_WORK REQUIRED:_ Set the listing down again exactly, please, apart from its pictures.

_DATA SHOWN:_

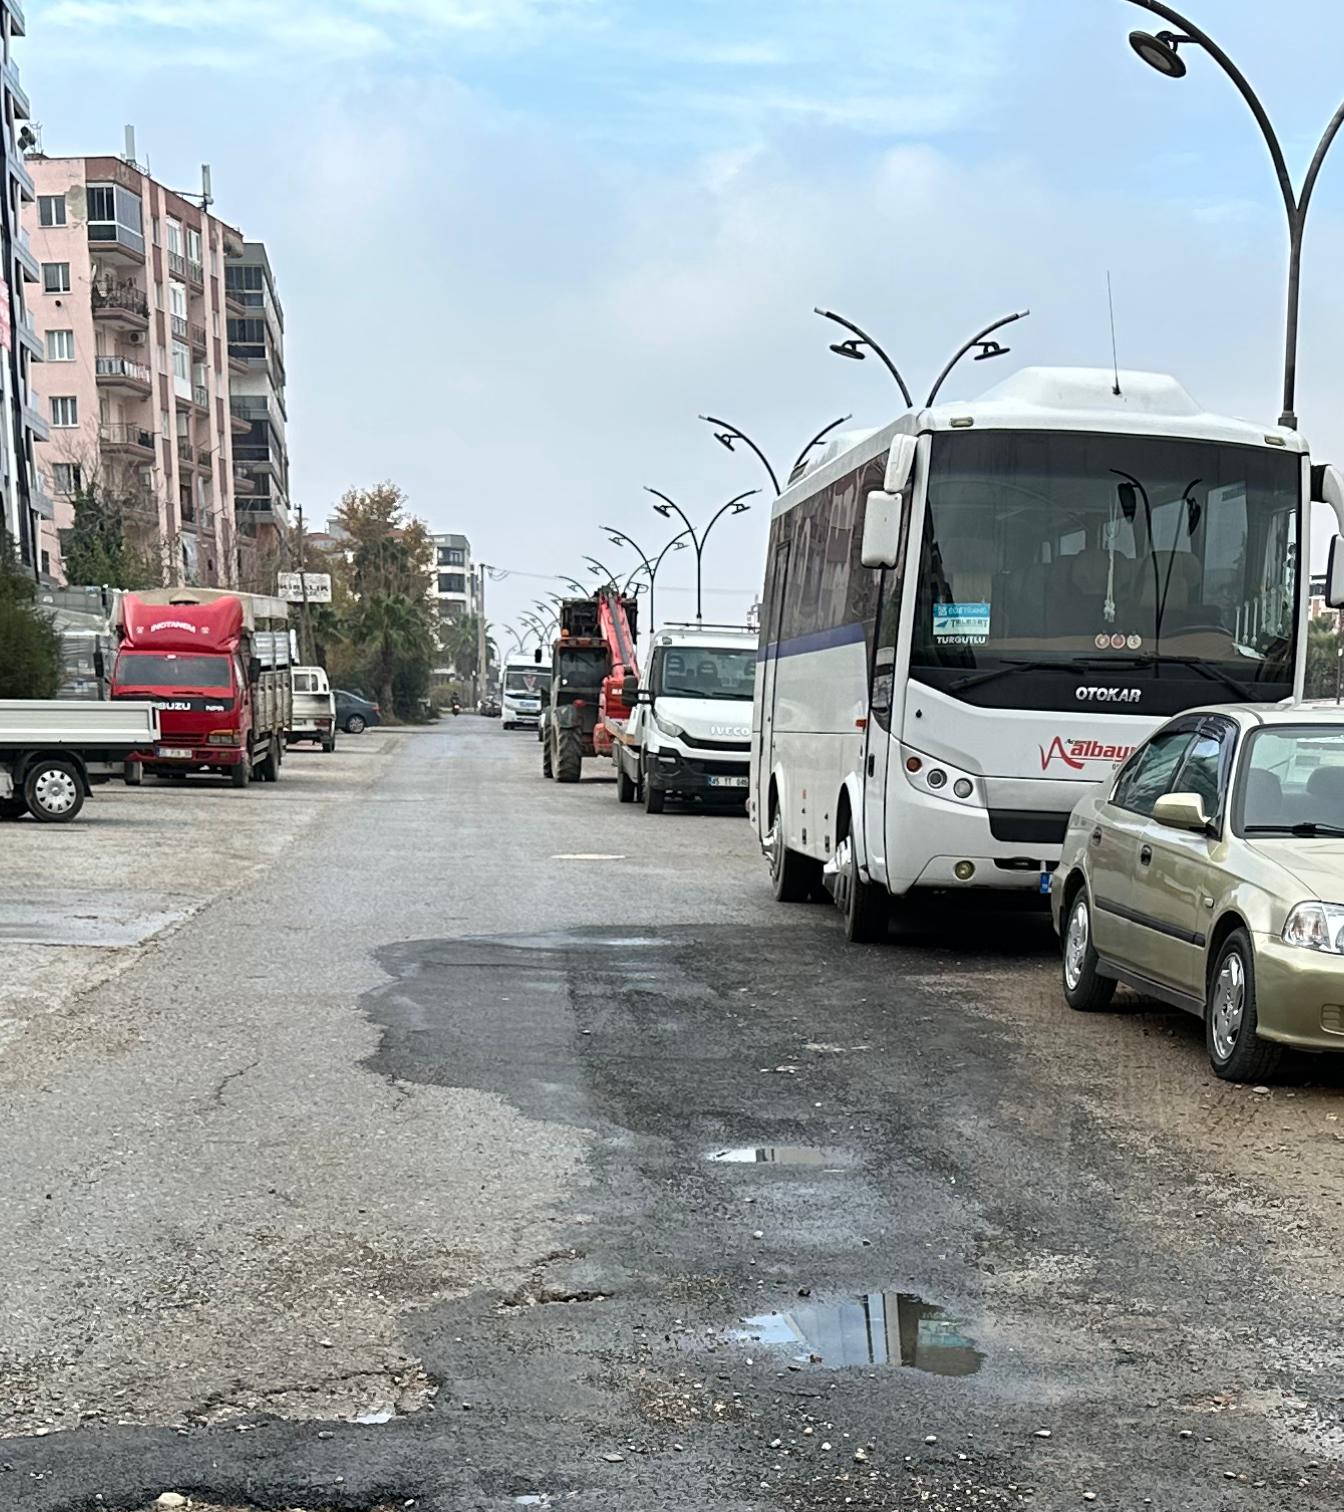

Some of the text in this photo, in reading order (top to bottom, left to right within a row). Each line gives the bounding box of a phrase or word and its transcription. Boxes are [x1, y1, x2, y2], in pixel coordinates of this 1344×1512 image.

[936, 635, 986, 645] TURGUTLU
[1075, 685, 1142, 703] OTOKAR
[710, 725, 750, 737] IVECO
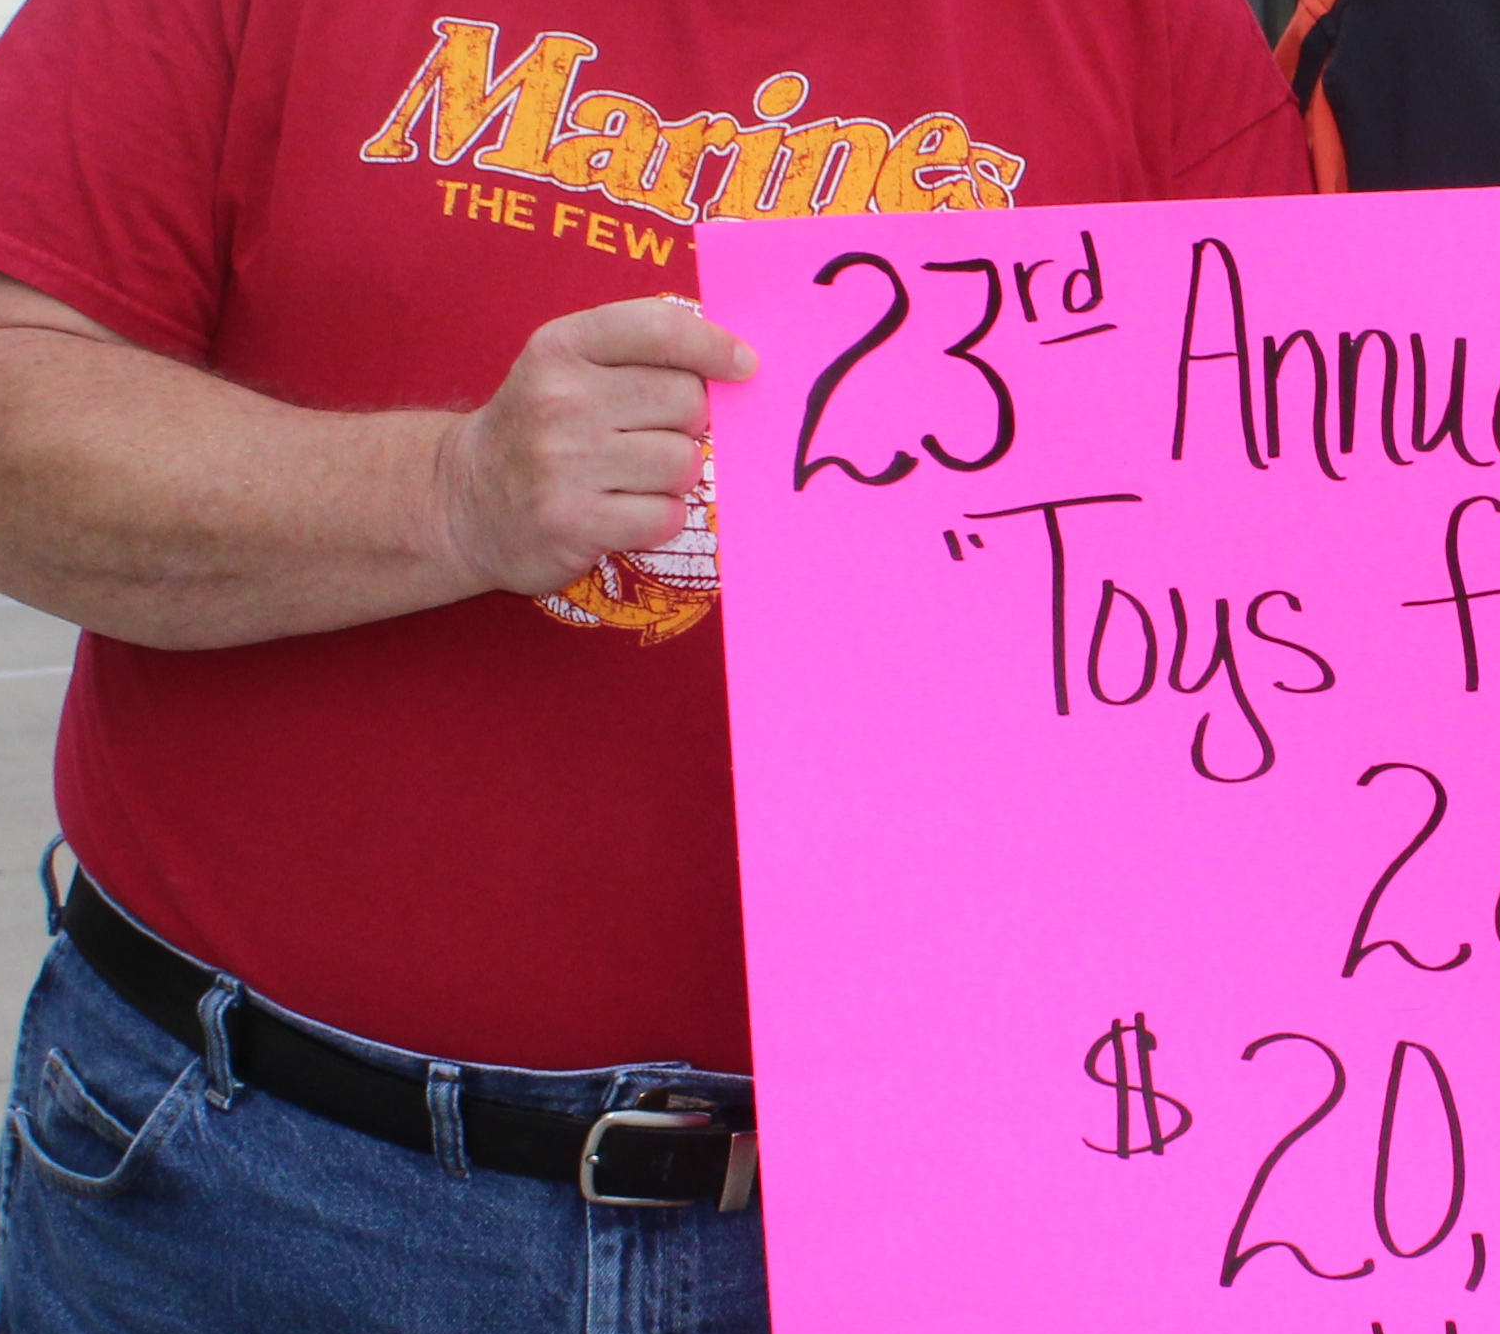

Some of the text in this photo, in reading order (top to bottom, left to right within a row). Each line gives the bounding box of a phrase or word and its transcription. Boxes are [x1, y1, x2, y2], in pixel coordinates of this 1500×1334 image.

_ANSWER FOR THE TASK:_
Some of the text in this photo, in reading order (top to bottom, left to right within a row). Each line gives the bounding box of a phrase or word and its transcription. Boxes are [x1, y1, x2, y2], in pixel coordinates of this 1344×1512 image.

[936, 635, 986, 645] TURGUTLU
[1075, 685, 1142, 703] OTOKAR
[710, 725, 750, 737] IVECO

Some of the text in this photo, in reading order (top to bottom, left to right within a row). Each line gives the bounding box of a phrase or word and its transcription. Boxes are [x1, y1, x2, y2], in pixel coordinates of this 1500×1334 image.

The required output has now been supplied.